# PROBLEM TO SOLVE
Word for word, repeat the entries, minus the pictures.

# GIVEN DATA
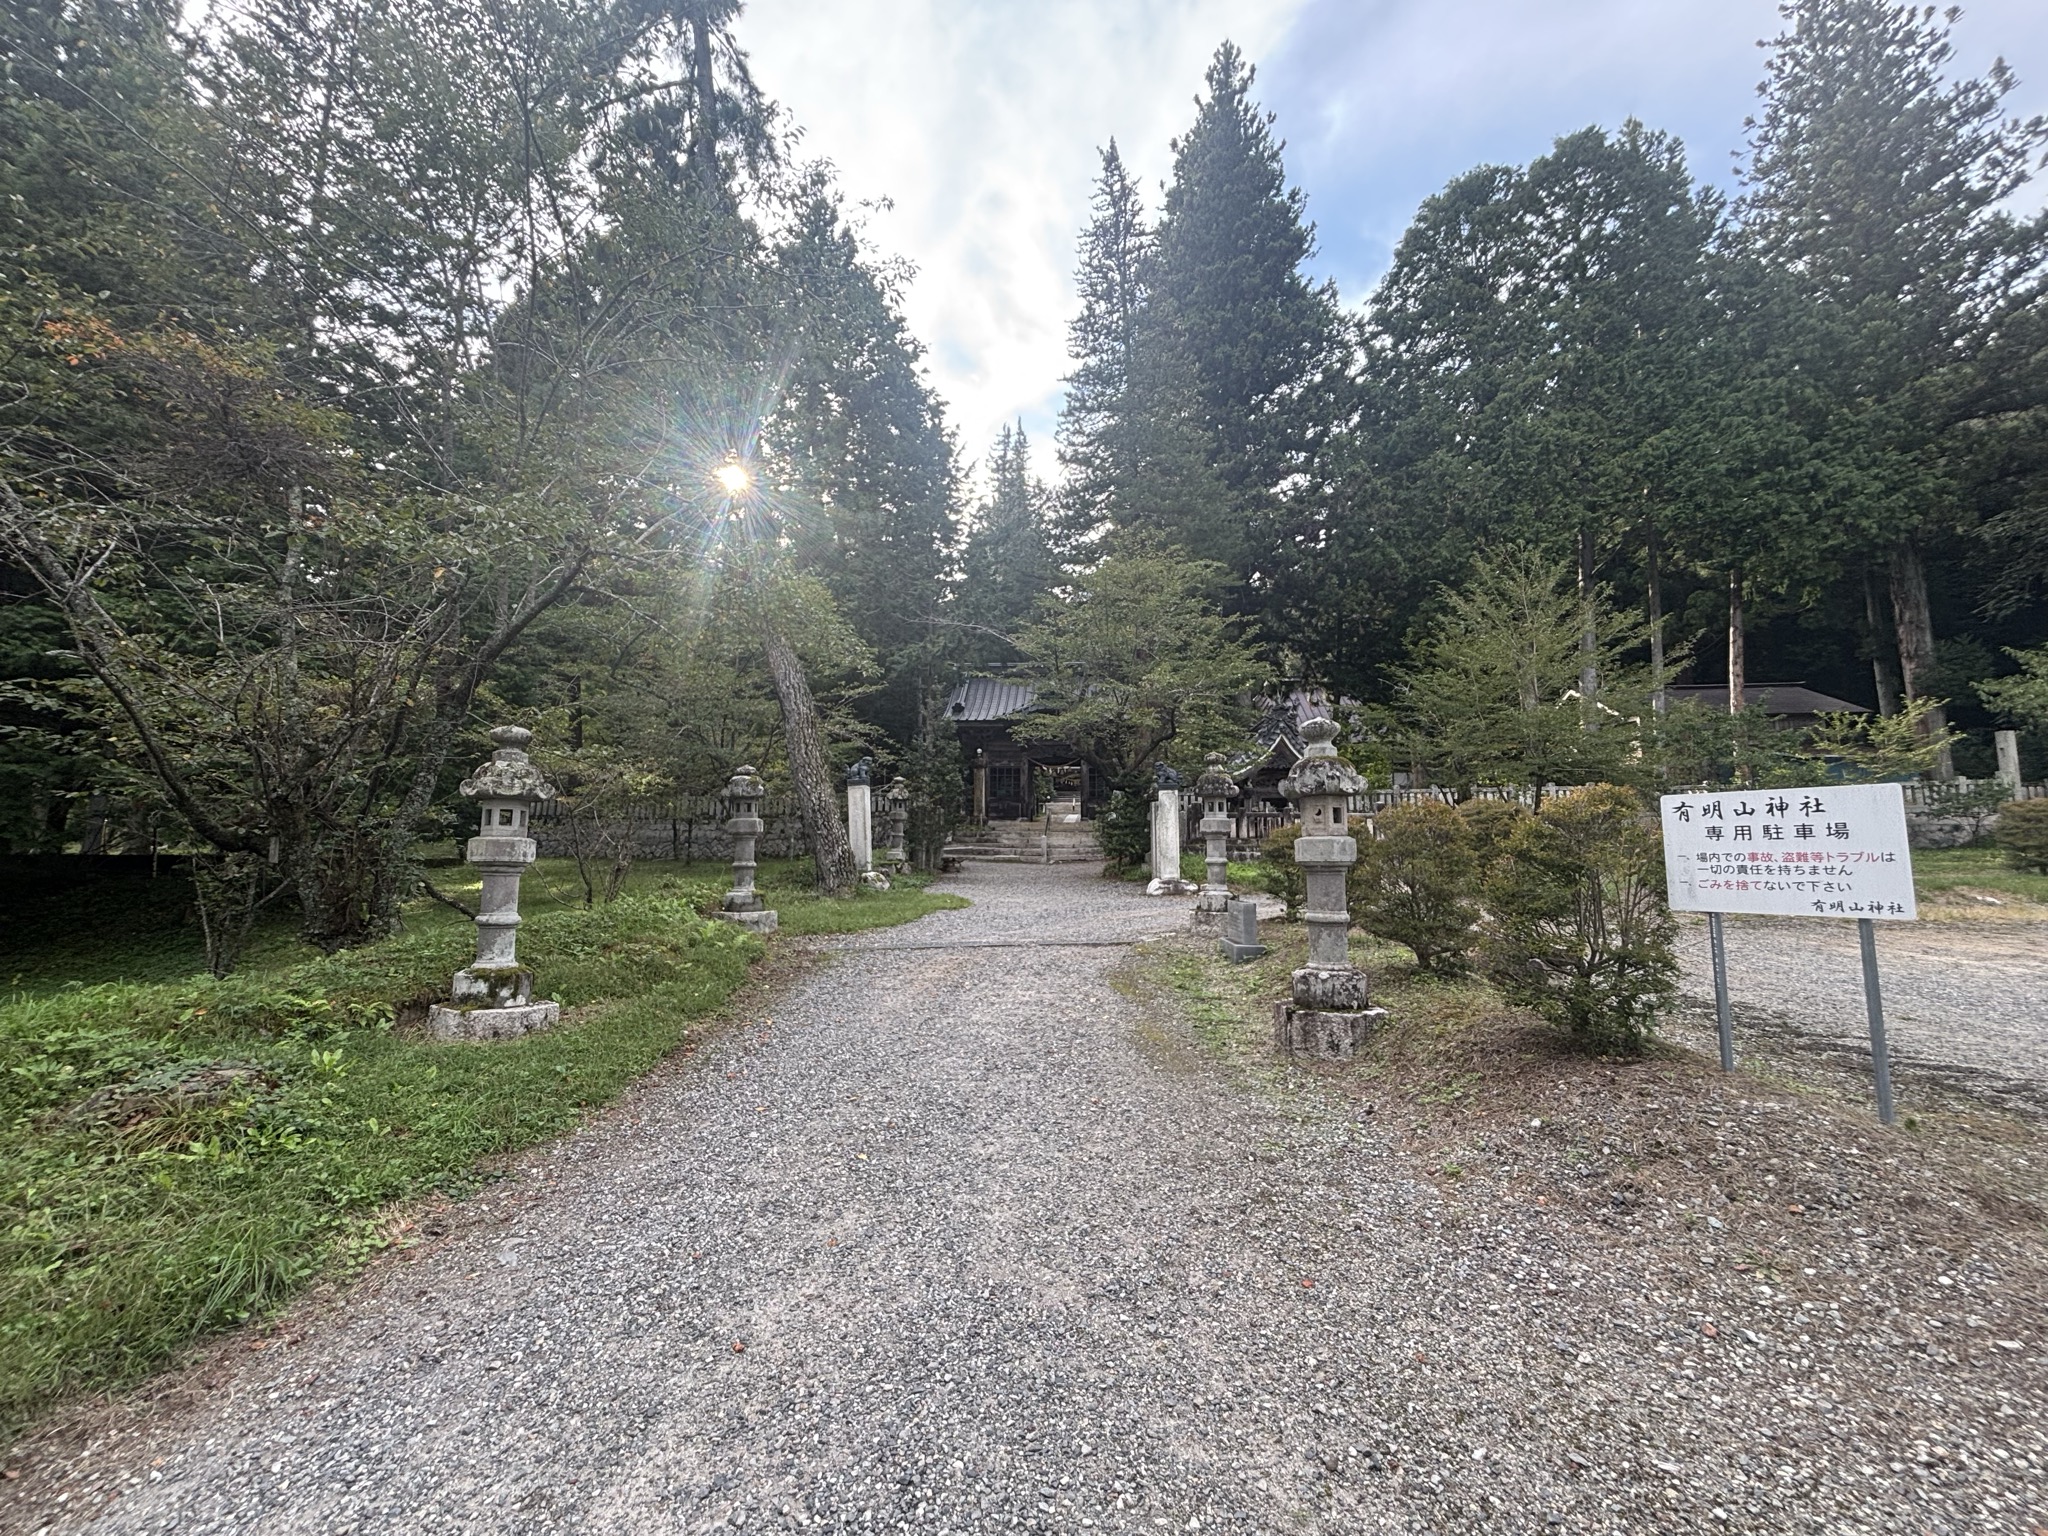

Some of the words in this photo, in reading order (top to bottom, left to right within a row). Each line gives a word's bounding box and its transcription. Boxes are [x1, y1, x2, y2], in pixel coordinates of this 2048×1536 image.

[1671, 795, 1827, 823] 有明山神社
[1704, 822, 1850, 842] 専用駐車場
[1697, 864, 1854, 877] 一切の責任を持ちません
[1810, 898, 1905, 915] 有明山神社
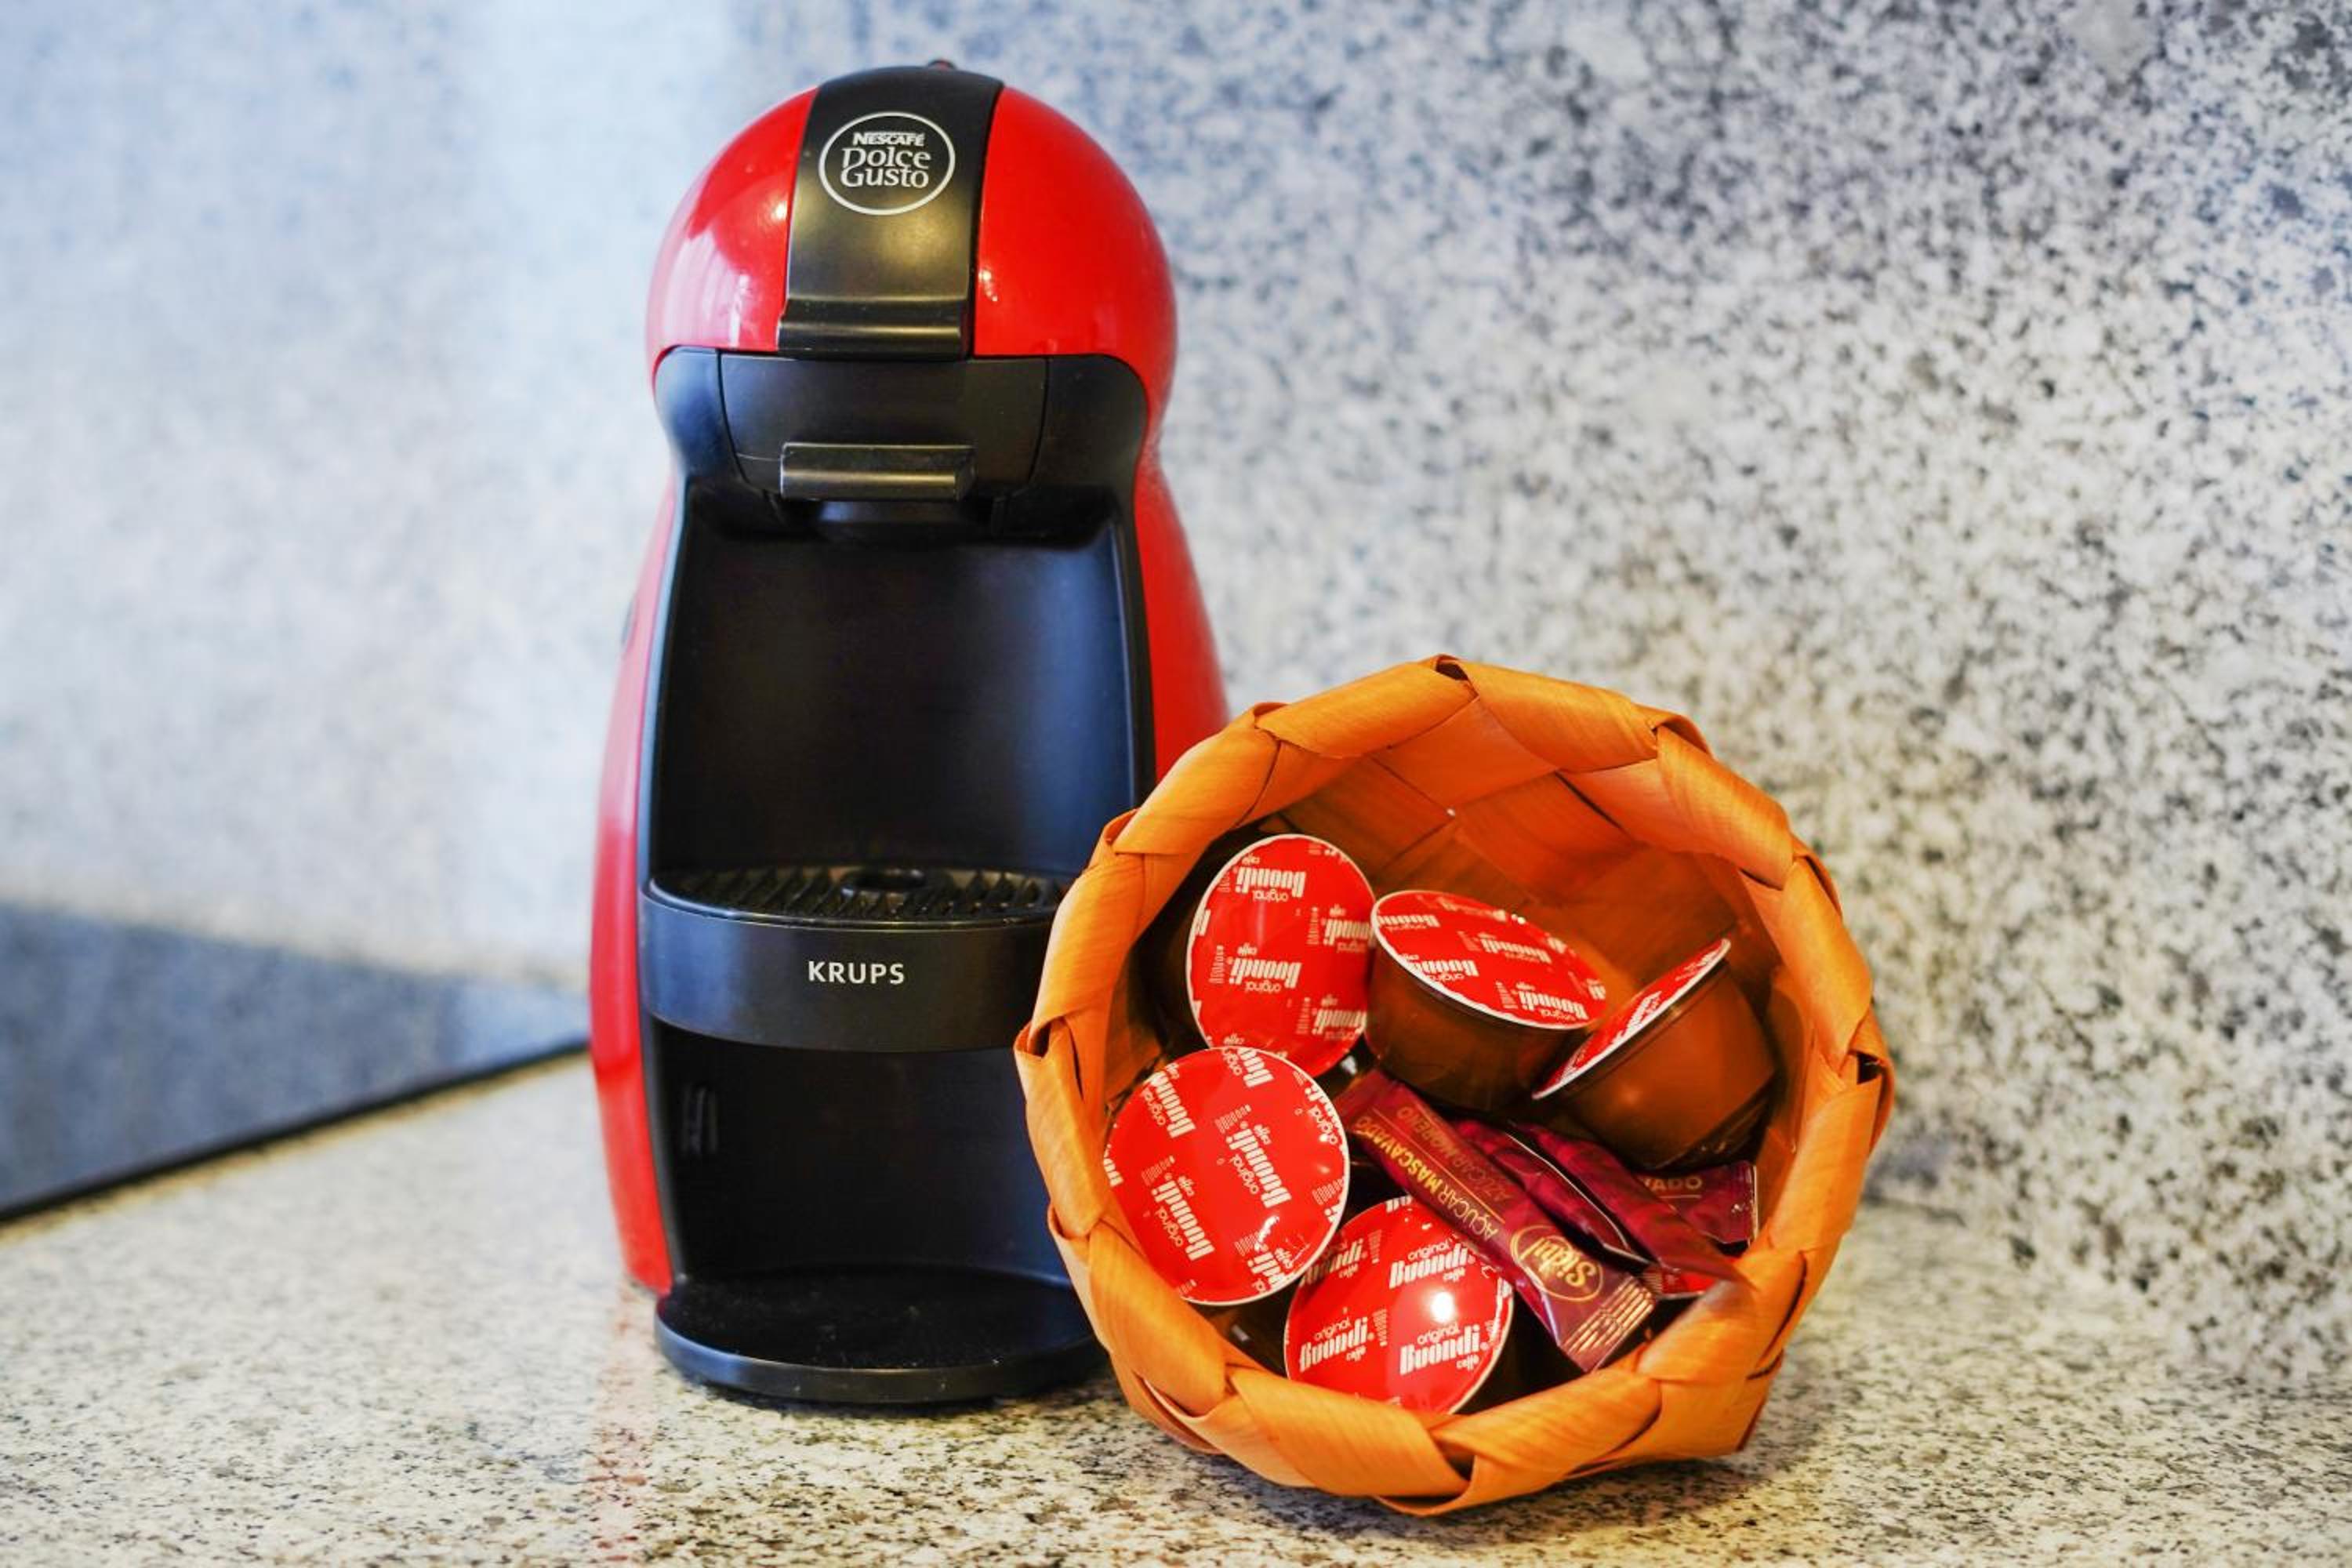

# WRITTEN ANSWER
Some of the words in this photo, in reading order (top to bottom, left to right within a row). Each line gives a word's bounding box and its transcription. Boxes are [x1, y1, x2, y2], in pixel coordinates of this 2048×1536 image.

[1671, 795, 1827, 823] 有明山神社
[1704, 822, 1850, 842] 専用駐車場
[1697, 864, 1854, 877] 一切の責任を持ちません
[1810, 898, 1905, 915] 有明山神社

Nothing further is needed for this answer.